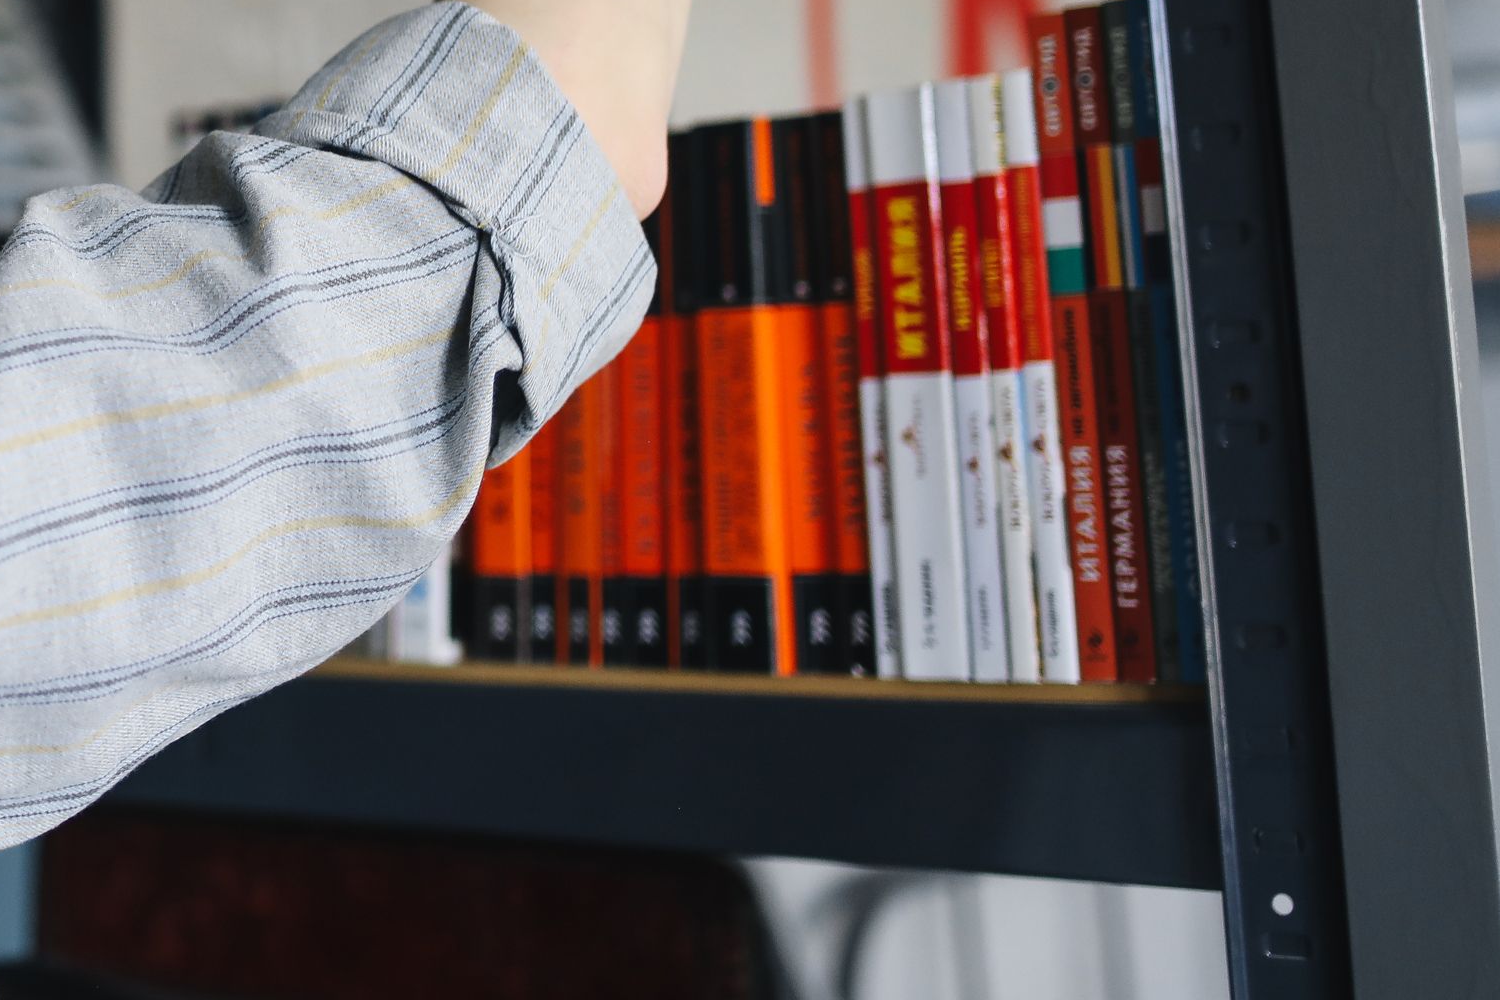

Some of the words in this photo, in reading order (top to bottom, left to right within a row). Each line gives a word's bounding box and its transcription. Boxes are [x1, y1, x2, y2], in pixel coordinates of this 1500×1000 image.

[887, 195, 927, 360] ИТАЛИЯ
[1070, 445, 1100, 583] ИТАЛИЯ
[1106, 444, 1140, 609] ГЕРМАНИЯ
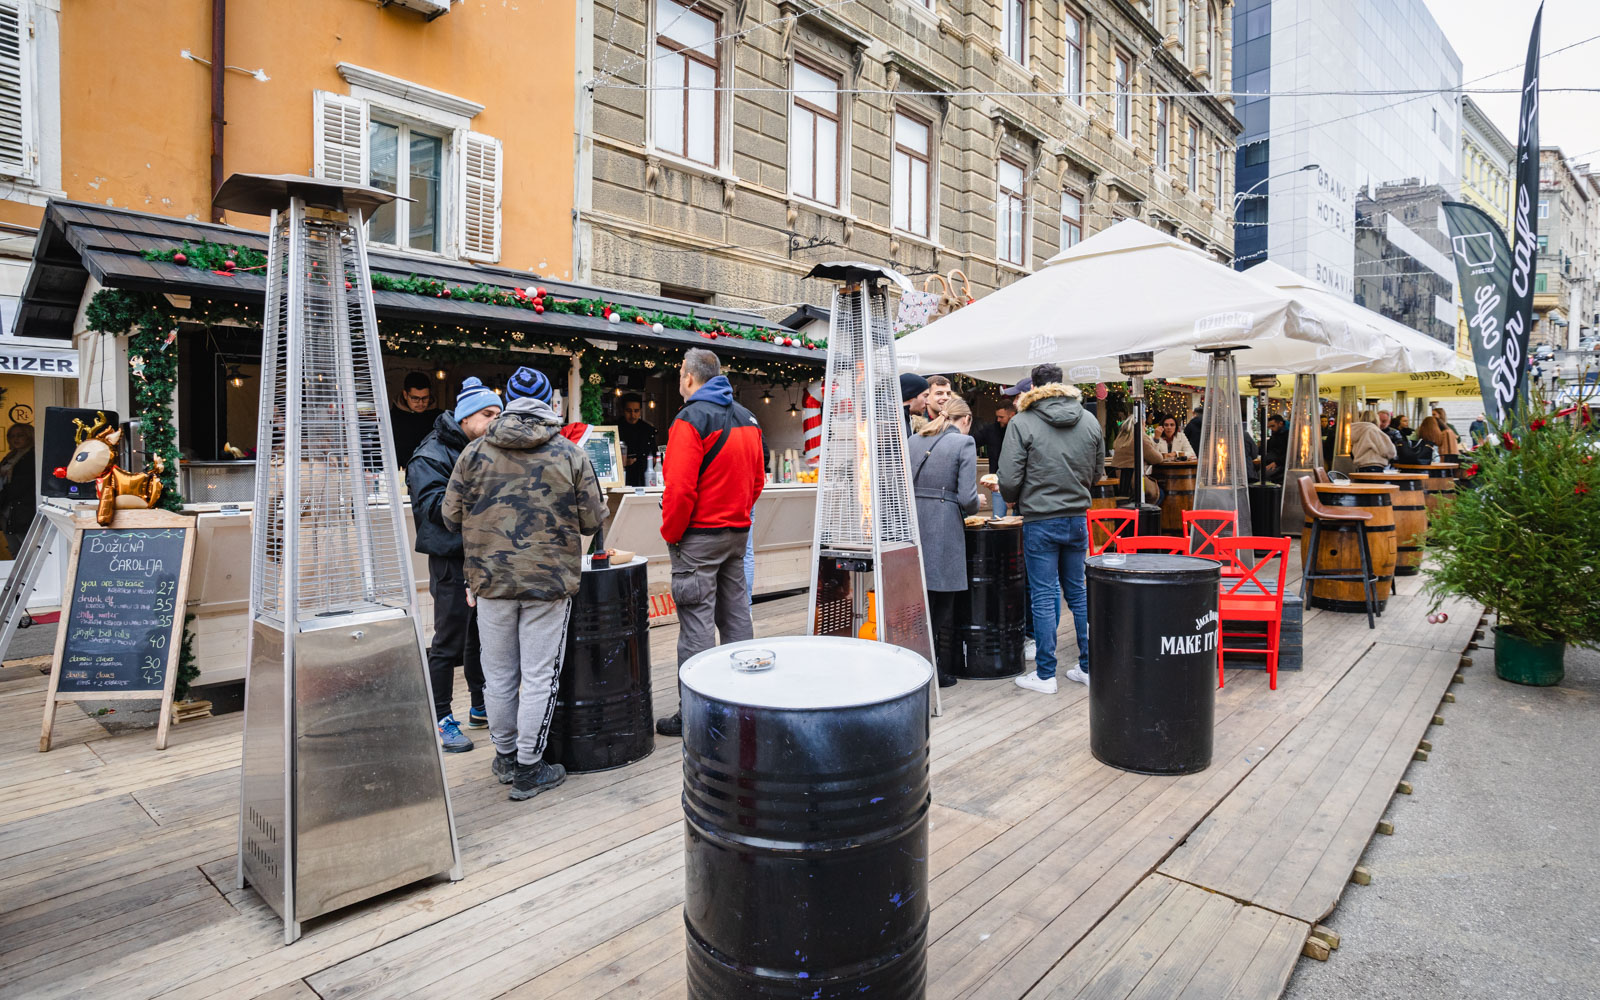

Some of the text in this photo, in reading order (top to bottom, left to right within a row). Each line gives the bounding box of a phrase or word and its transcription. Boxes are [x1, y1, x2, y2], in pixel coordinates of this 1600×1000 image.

[1317, 168, 1347, 202] GRAND
[1317, 200, 1346, 233] HOTEL
[1316, 263, 1354, 295] BONAVIA
[109, 554, 163, 577] ČAROLIJA
[80, 580, 97, 593] you
[156, 581, 175, 596] 27
[77, 594, 103, 604] drunk
[153, 598, 174, 612] 35
[157, 614, 174, 628] 35
[72, 627, 96, 640] jingle
[98, 629, 113, 638] bell
[149, 634, 166, 649] 40
[1160, 634, 1202, 655] MAKE
[1204, 631, 1214, 652] IT
[140, 655, 161, 670] 30
[143, 670, 163, 685] 45

● ● ●

Set the records down again exactly, and omit any picture in them.

Some of the words in this photo, in reading order (top to bottom, left to right within a row). Each line gives a word's bounding box and its transcription. Boxes are [x1, y1, x2, y2], in pixel coordinates of this 1500×1000 image.

[887, 195, 927, 360] ИТАЛИЯ
[1070, 445, 1100, 583] ИТАЛИЯ
[1106, 444, 1140, 609] ГЕРМАНИЯ

Some of the text in this photo, in reading order (top to bottom, left to right within a row). Each line gives the bounding box of a phrase or word and its transcription. Boxes are [x1, y1, x2, y2], in pixel coordinates of this 1600×1000 image.

[1317, 168, 1347, 202] GRAND
[1317, 200, 1346, 233] HOTEL
[1316, 263, 1354, 295] BONAVIA
[109, 554, 163, 577] ČAROLIJA
[80, 580, 97, 593] you
[156, 581, 175, 596] 27
[77, 594, 103, 604] drunk
[153, 598, 174, 612] 35
[157, 614, 174, 628] 35
[72, 627, 96, 640] jingle
[98, 629, 113, 638] bell
[149, 634, 166, 649] 40
[1160, 634, 1202, 655] MAKE
[1204, 631, 1214, 652] IT
[140, 655, 161, 670] 30
[143, 670, 163, 685] 45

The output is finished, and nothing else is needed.